Work order:
The copy has to match the data exactly and leave out every picture.

======== Data section ========

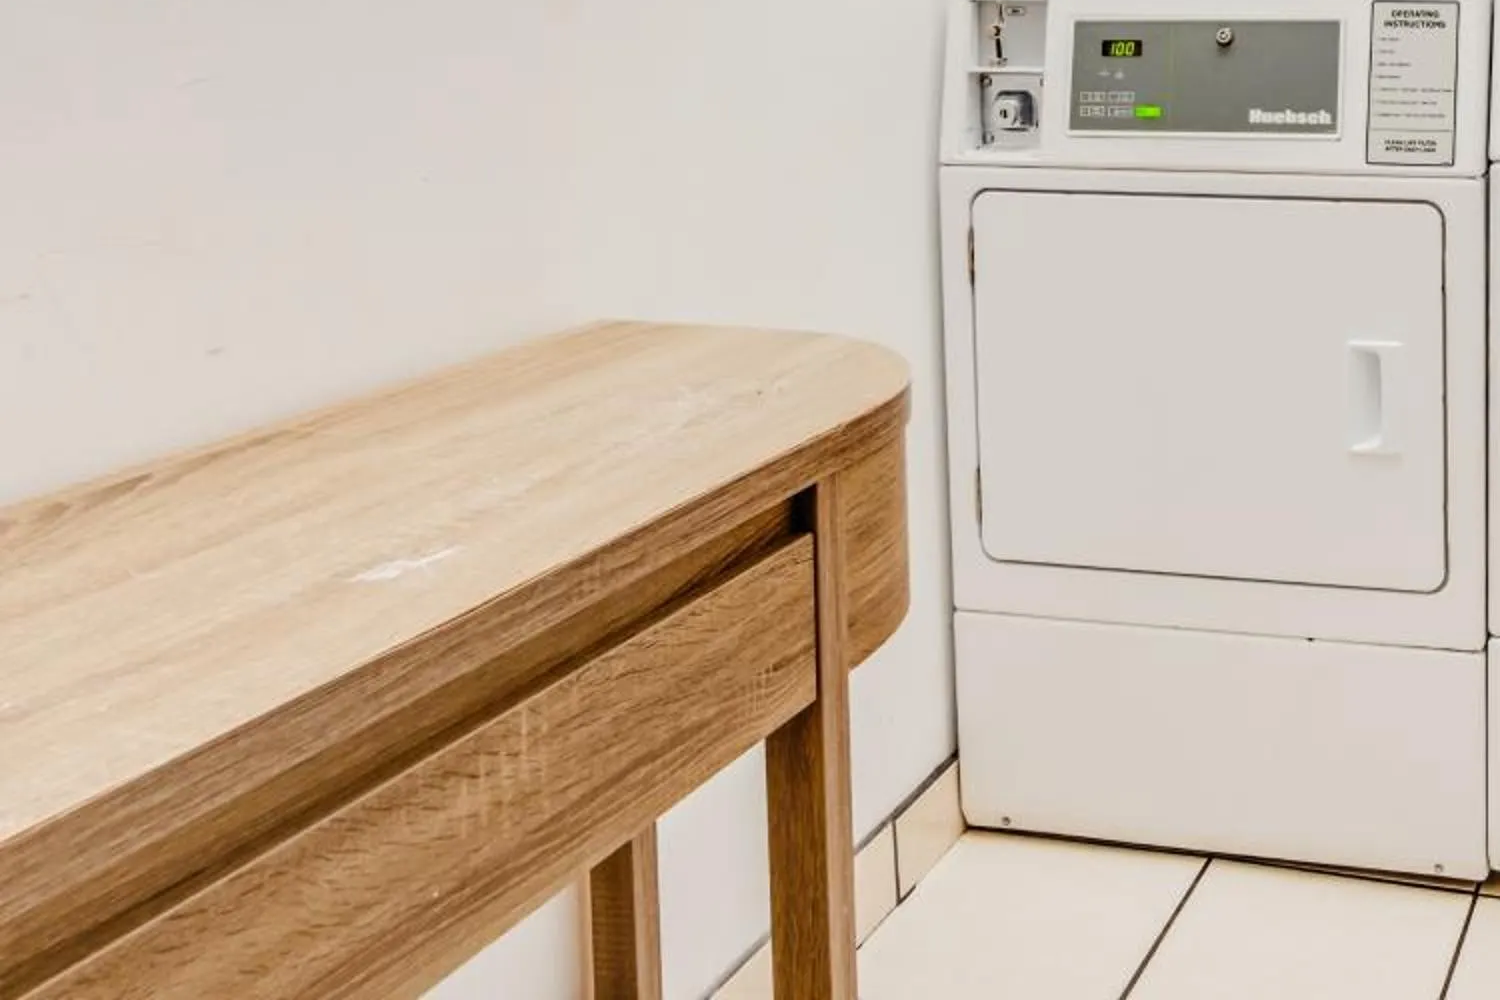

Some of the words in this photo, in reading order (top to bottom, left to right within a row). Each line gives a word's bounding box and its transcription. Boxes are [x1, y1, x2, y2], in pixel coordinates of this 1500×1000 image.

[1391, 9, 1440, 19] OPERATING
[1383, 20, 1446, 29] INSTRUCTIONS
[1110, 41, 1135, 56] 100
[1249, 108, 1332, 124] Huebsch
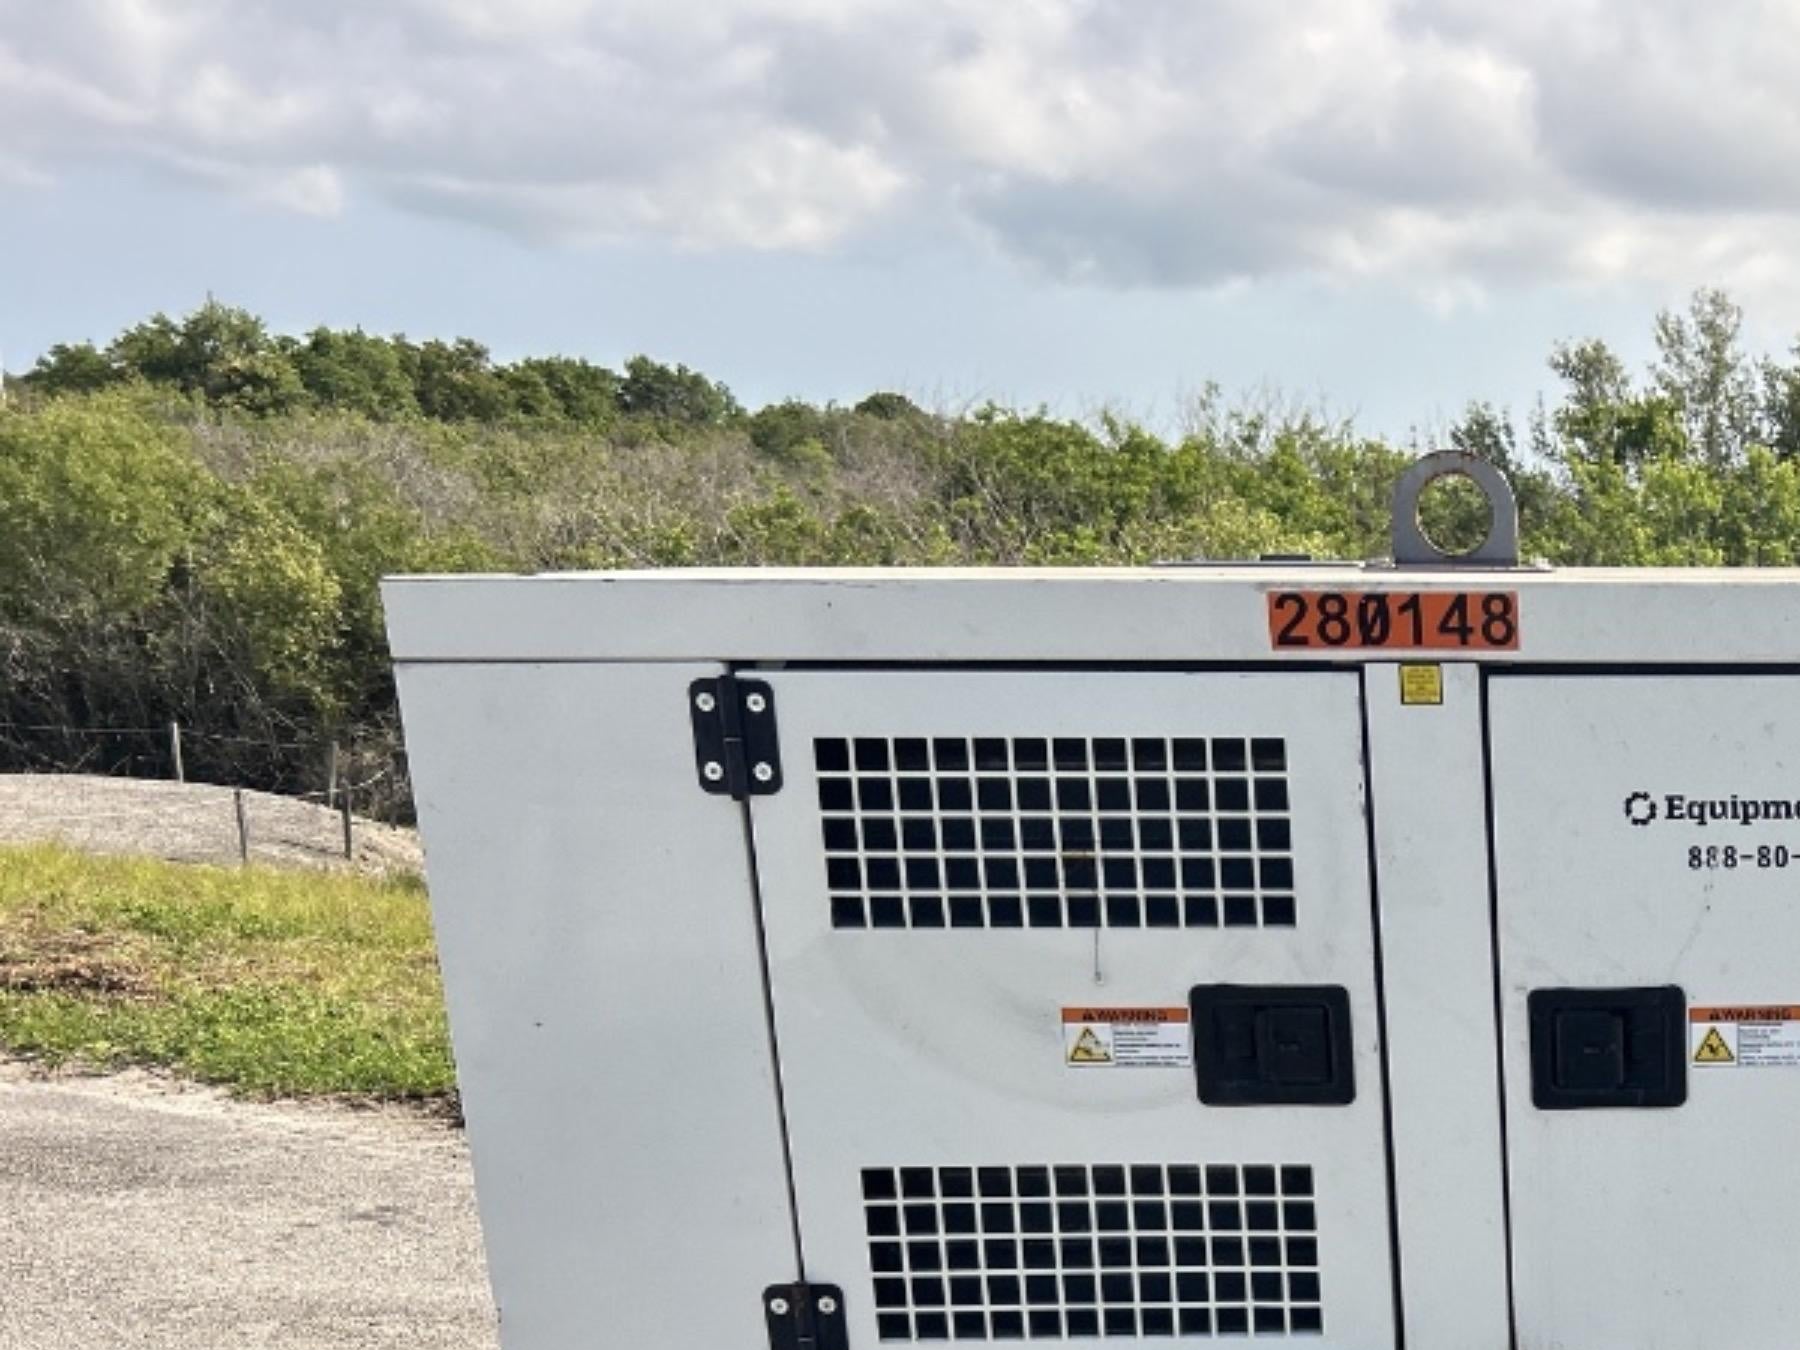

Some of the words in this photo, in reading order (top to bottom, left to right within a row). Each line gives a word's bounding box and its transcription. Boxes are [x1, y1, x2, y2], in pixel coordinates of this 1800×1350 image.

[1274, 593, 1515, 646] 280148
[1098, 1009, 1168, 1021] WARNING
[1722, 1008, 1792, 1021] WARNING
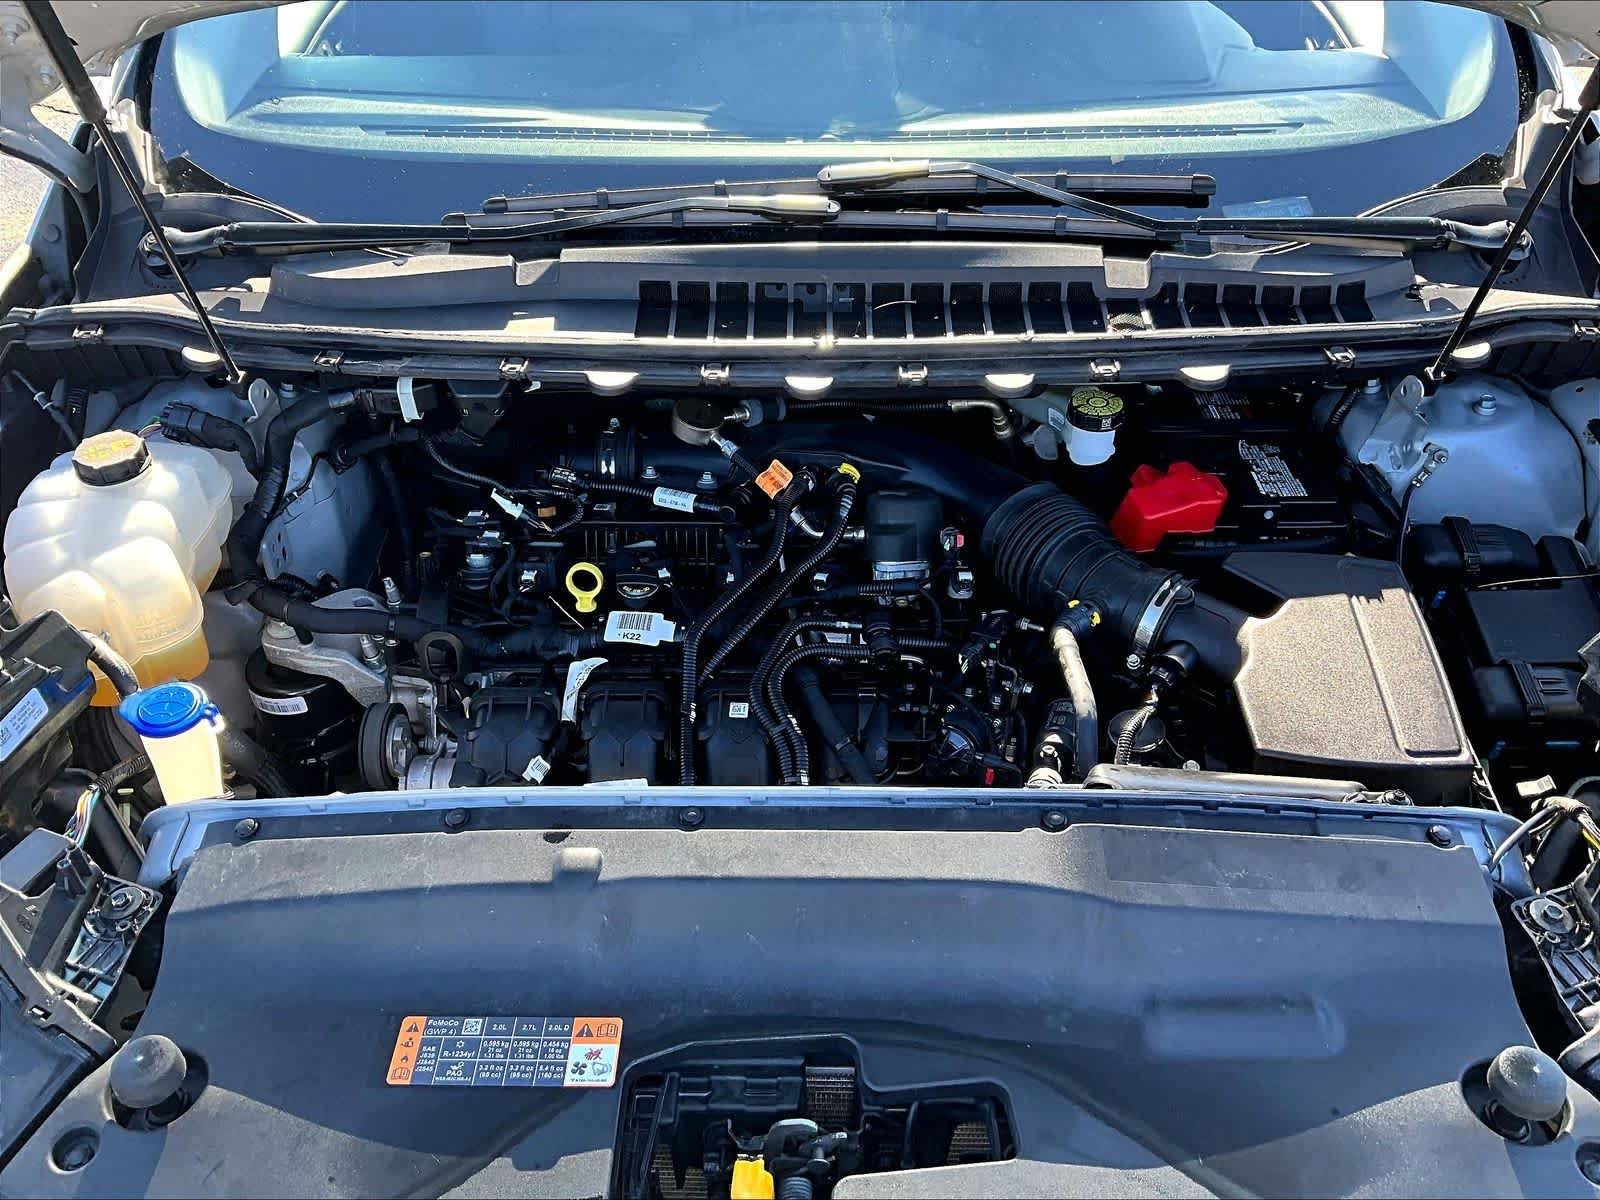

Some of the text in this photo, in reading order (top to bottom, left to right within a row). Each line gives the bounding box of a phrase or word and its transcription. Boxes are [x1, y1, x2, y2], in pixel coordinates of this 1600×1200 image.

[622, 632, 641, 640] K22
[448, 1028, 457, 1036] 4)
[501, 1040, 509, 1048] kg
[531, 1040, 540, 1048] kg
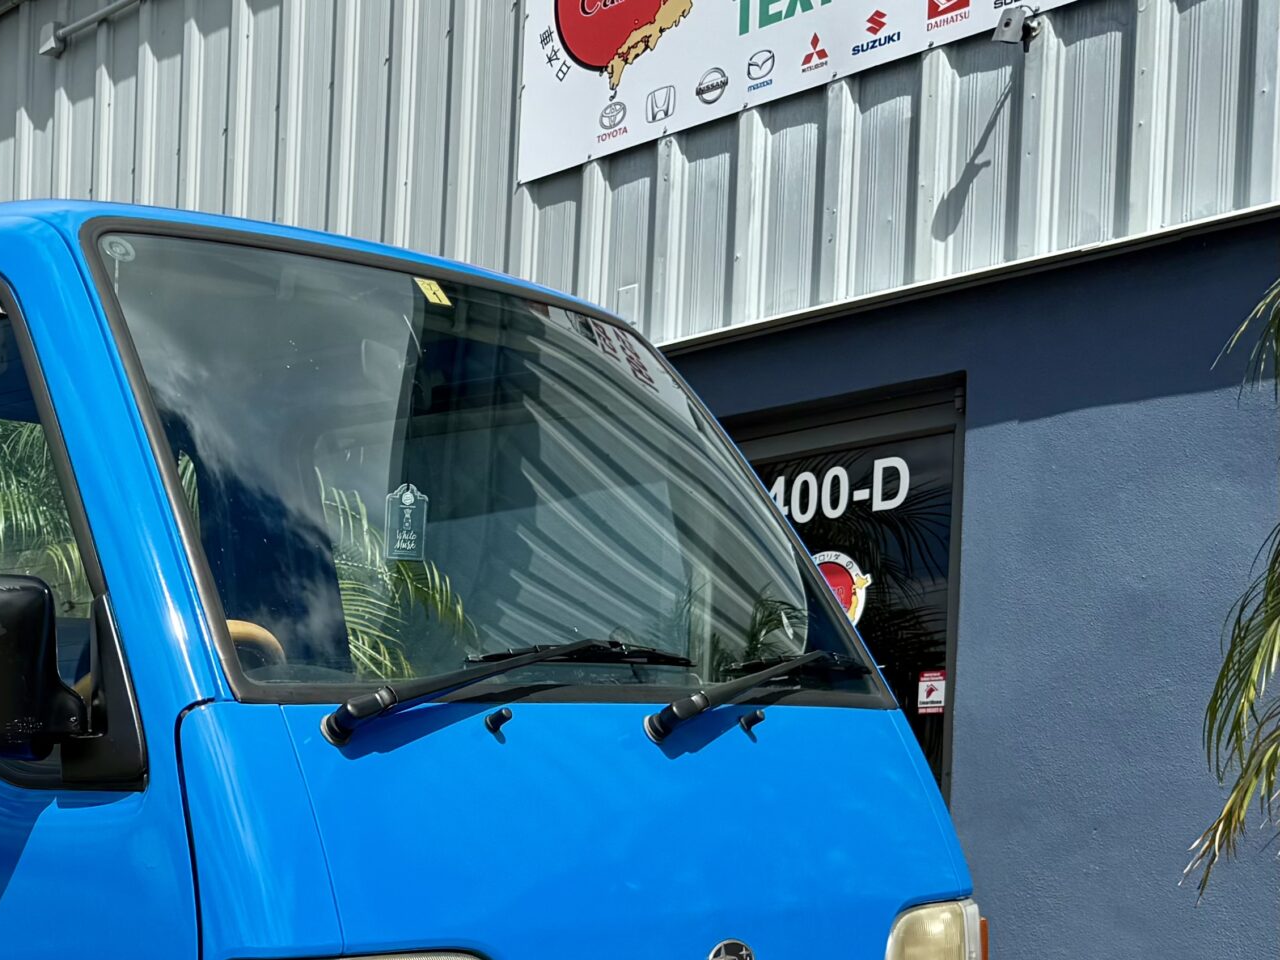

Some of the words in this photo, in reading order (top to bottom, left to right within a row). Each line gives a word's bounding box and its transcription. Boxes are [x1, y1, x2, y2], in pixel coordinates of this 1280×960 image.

========

Output:
Some of the words in this photo, in reading order (top to bottom, left to right within a row). Each line gives a word's bounding box and its transcription. Boxes are [x1, y1, x2, y2], in pixel coordinates of this 1500×1000 image.

[1391, 9, 1440, 19] OPERATING
[1383, 20, 1446, 29] INSTRUCTIONS
[1110, 41, 1135, 56] 100
[1249, 108, 1332, 124] Huebsch

Some of the words in this photo, in reading order (top to bottom, left to right within a row). Each line gives a word's bounding box and its transcription. Boxes are [x1, y1, x2, y2], in pixel coordinates of this 1800×1350 image.

[1274, 593, 1515, 646] 280148
[1098, 1009, 1168, 1021] WARNING
[1722, 1008, 1792, 1021] WARNING

Some of the text in this photo, in reading order (top to bottom, left to right within a row). Each line gives the bounding box of a phrase or word and its transcription. Boxes are [x1, y1, x2, y2], in pixel coordinates of this 1600×1200 image.

[622, 632, 641, 640] K22
[448, 1028, 457, 1036] 4)
[501, 1040, 509, 1048] kg
[531, 1040, 540, 1048] kg

Some of the words in this photo, in reading order (top to bottom, left to right within a row). Each line gives a word's bounding box and its transcription. Boxes are [x1, y1, x2, y2], in pixel coordinates of this 1280×960 image.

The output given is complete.